Purity of heart was especially important given the real threat of martyrdom, which many
writers discussed in theological terms, seeing it not as an evil but as an opportunity to
truly die for the sake of God—the ultimate example of ascetic practice. Martyrdom could
also be seen as symbolic in its connections with the Eucharist and with baptism.
Hellenism
The Alexandrian contribution to Christian mysticism centers around Origen and Clement
of Alexandria. Clement was an early Christian humanist who argued that reason is the
most important aspect of human existence and that gnosis (not something we can attain
by ourselves, but the gift of Christ) helps us find the spiritual realities that are hidden
behind the natural world and within the scriptures.

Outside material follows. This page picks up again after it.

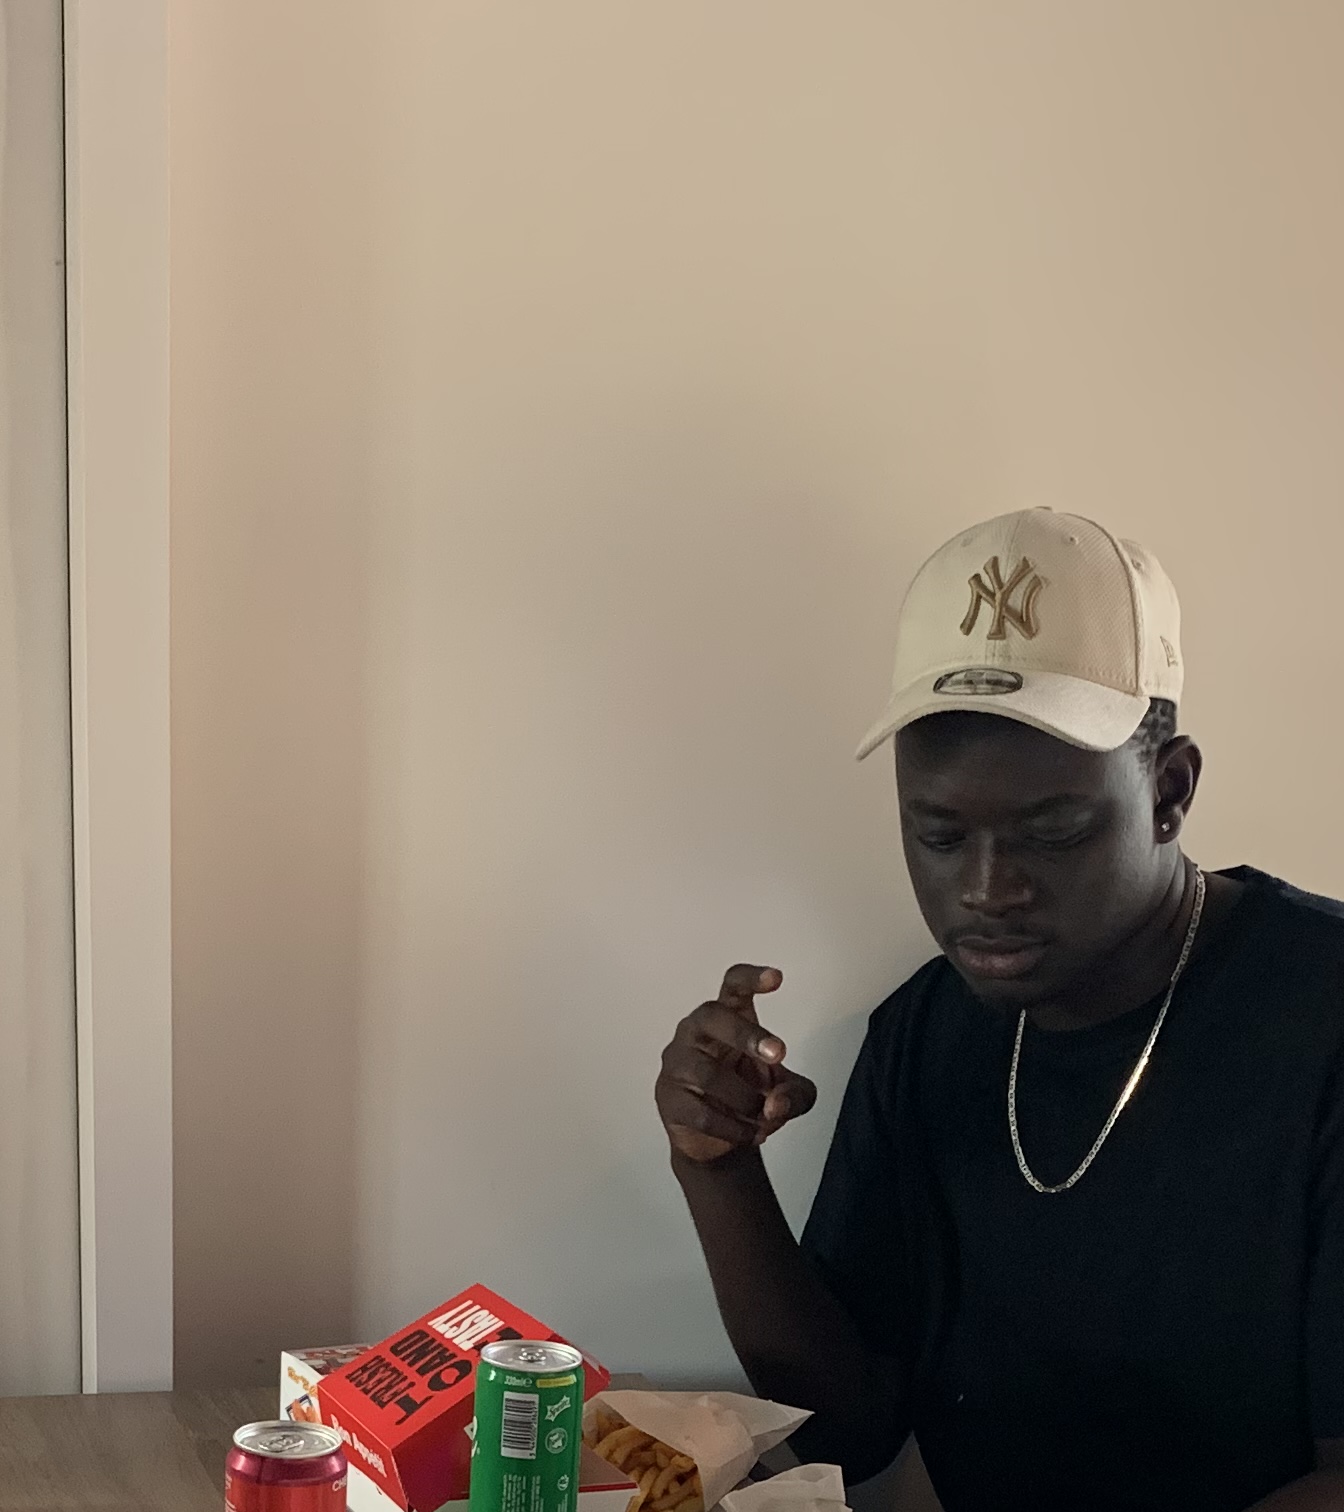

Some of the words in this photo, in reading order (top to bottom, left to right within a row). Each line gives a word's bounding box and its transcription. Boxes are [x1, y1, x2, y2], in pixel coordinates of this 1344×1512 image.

Given the importance of reason,
Clement stresses apatheia as a reasonable ordering of our passions in order to live within
God's love, which is seen as a form of truth. Origen, who had a lasting influence on
Eastern Christian thought, further develops the idea that the spiritual realities can be
found through allegorical readings of the scriptures (along the lines of Jewish aggadah
tradition), but he focuses his attention on the Cross and on the importance of imitating
Christ through the Cross, especially through spiritual combat and asceticism. Origen
stresses the importance of combining intellect and virtue (theoria and praxis) in our
spiritual exercises, drawing on the image of Moses and Aaron leading the Israelites
through the wilderness, and he describes our union with God as the marriage of our souls
with Christ the Logos, using the wedding imagery from the Song of Songs. Alexandrian
mysticism developed alongside Hermeticism and Neoplatonism and therefore share some
of the same ideas, images, etc. in spite of their differences.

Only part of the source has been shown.